- **Excerpted data**
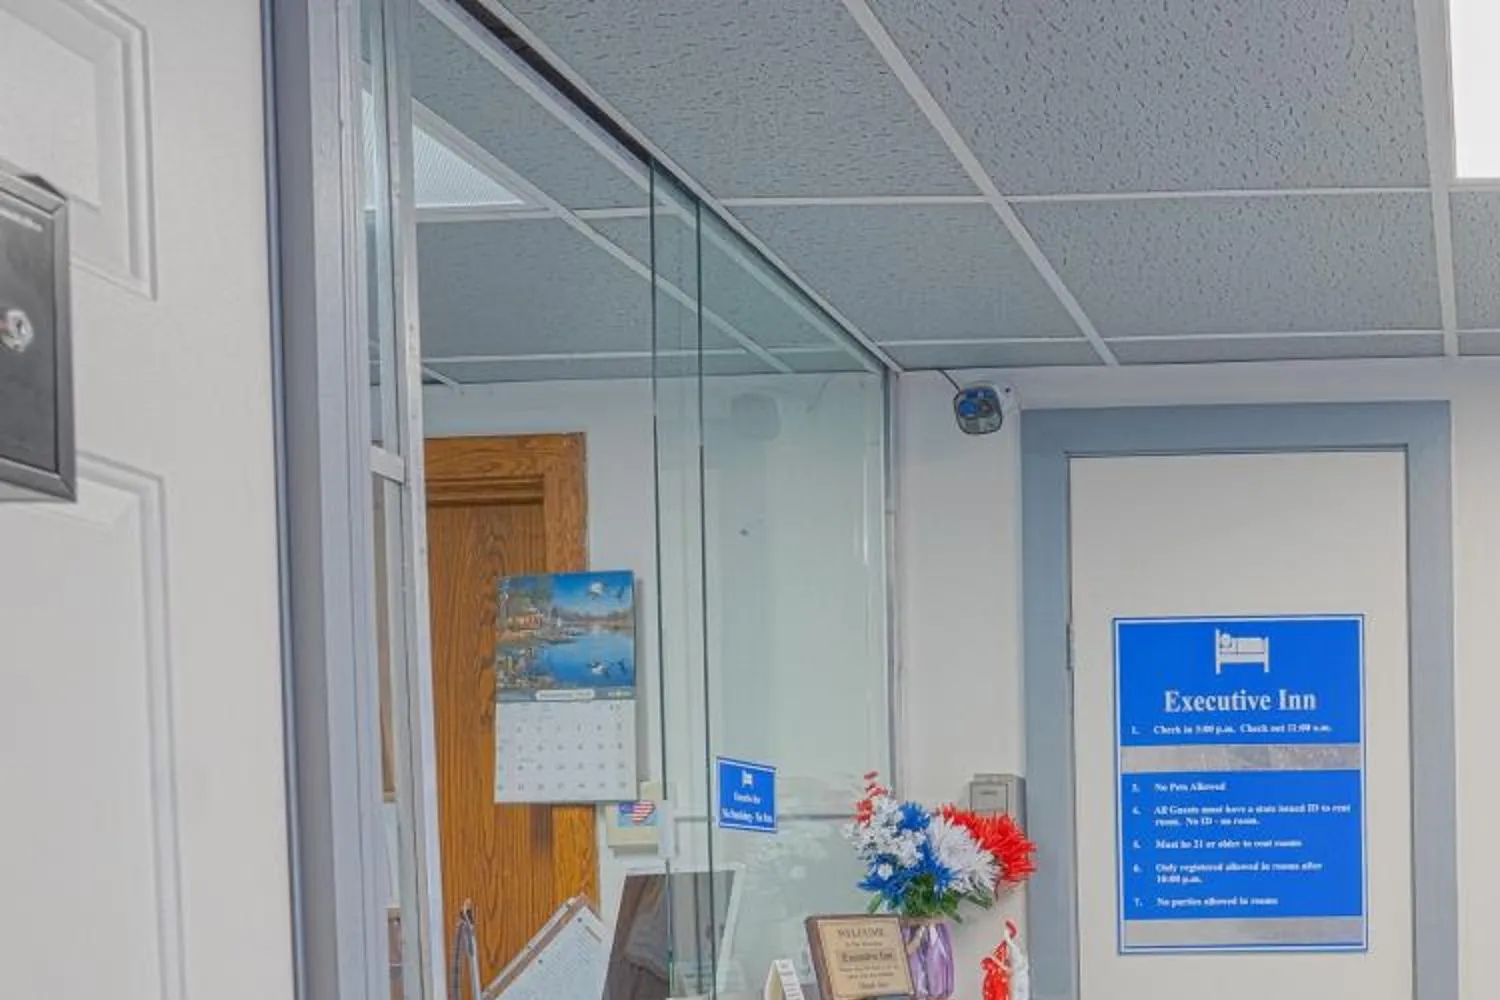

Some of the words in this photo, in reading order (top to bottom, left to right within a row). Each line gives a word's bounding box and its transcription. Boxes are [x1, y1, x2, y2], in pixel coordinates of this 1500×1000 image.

[1164, 689, 1272, 713] Executive
[1278, 688, 1317, 711] Inn
[1153, 724, 1181, 735] Check
[1183, 724, 1193, 734] in
[1240, 722, 1269, 733] Check
[1270, 723, 1285, 733] out
[1154, 782, 1167, 792] No
[1169, 782, 1189, 792] Pets
[1190, 781, 1227, 792] Allowed
[1154, 805, 1168, 815] All
[1169, 805, 1200, 815] Guests
[1225, 803, 1246, 814] have
[1307, 803, 1320, 813] ID
[1321, 803, 1331, 812] to
[1332, 803, 1351, 812] rent
[1186, 816, 1199, 826] No
[1201, 816, 1213, 825] ID
[1155, 839, 1179, 849] Must
[1194, 839, 1204, 849] 21
[1205, 840, 1216, 849] or
[1217, 838, 1241, 848] older
[1243, 839, 1252, 848] to
[1253, 839, 1273, 848] rent
[1155, 863, 1178, 873] Only
[1180, 862, 1223, 873] registered
[1301, 861, 1323, 870] after
[1156, 897, 1170, 906] No
[1171, 896, 1202, 908] parties

- **Your objective**
Exact copy, pictures removed: set down the whole listing above.

- **Written response**
Some of the words in this photo, in reading order (top to bottom, left to right within a row). Each line gives a word's bounding box and its transcription. Boxes are [x1, y1, x2, y2], in pixel coordinates of this 1500×1000 image.

[1164, 689, 1272, 713] Executive
[1278, 688, 1317, 711] Inn
[1153, 724, 1181, 735] Check
[1183, 724, 1193, 734] in
[1240, 722, 1269, 733] Check
[1270, 723, 1285, 733] out
[1154, 782, 1167, 792] No
[1169, 782, 1189, 792] Pets
[1190, 781, 1227, 792] Allowed
[1154, 805, 1168, 815] All
[1169, 805, 1200, 815] Guests
[1225, 803, 1246, 814] have
[1307, 803, 1320, 813] ID
[1321, 803, 1331, 812] to
[1332, 803, 1351, 812] rent
[1186, 816, 1199, 826] No
[1201, 816, 1213, 825] ID
[1155, 839, 1179, 849] Must
[1194, 839, 1204, 849] 21
[1205, 840, 1216, 849] or
[1217, 838, 1241, 848] older
[1243, 839, 1252, 848] to
[1253, 839, 1273, 848] rent
[1155, 863, 1178, 873] Only
[1180, 862, 1223, 873] registered
[1301, 861, 1323, 870] after
[1156, 897, 1170, 906] No
[1171, 896, 1202, 908] parties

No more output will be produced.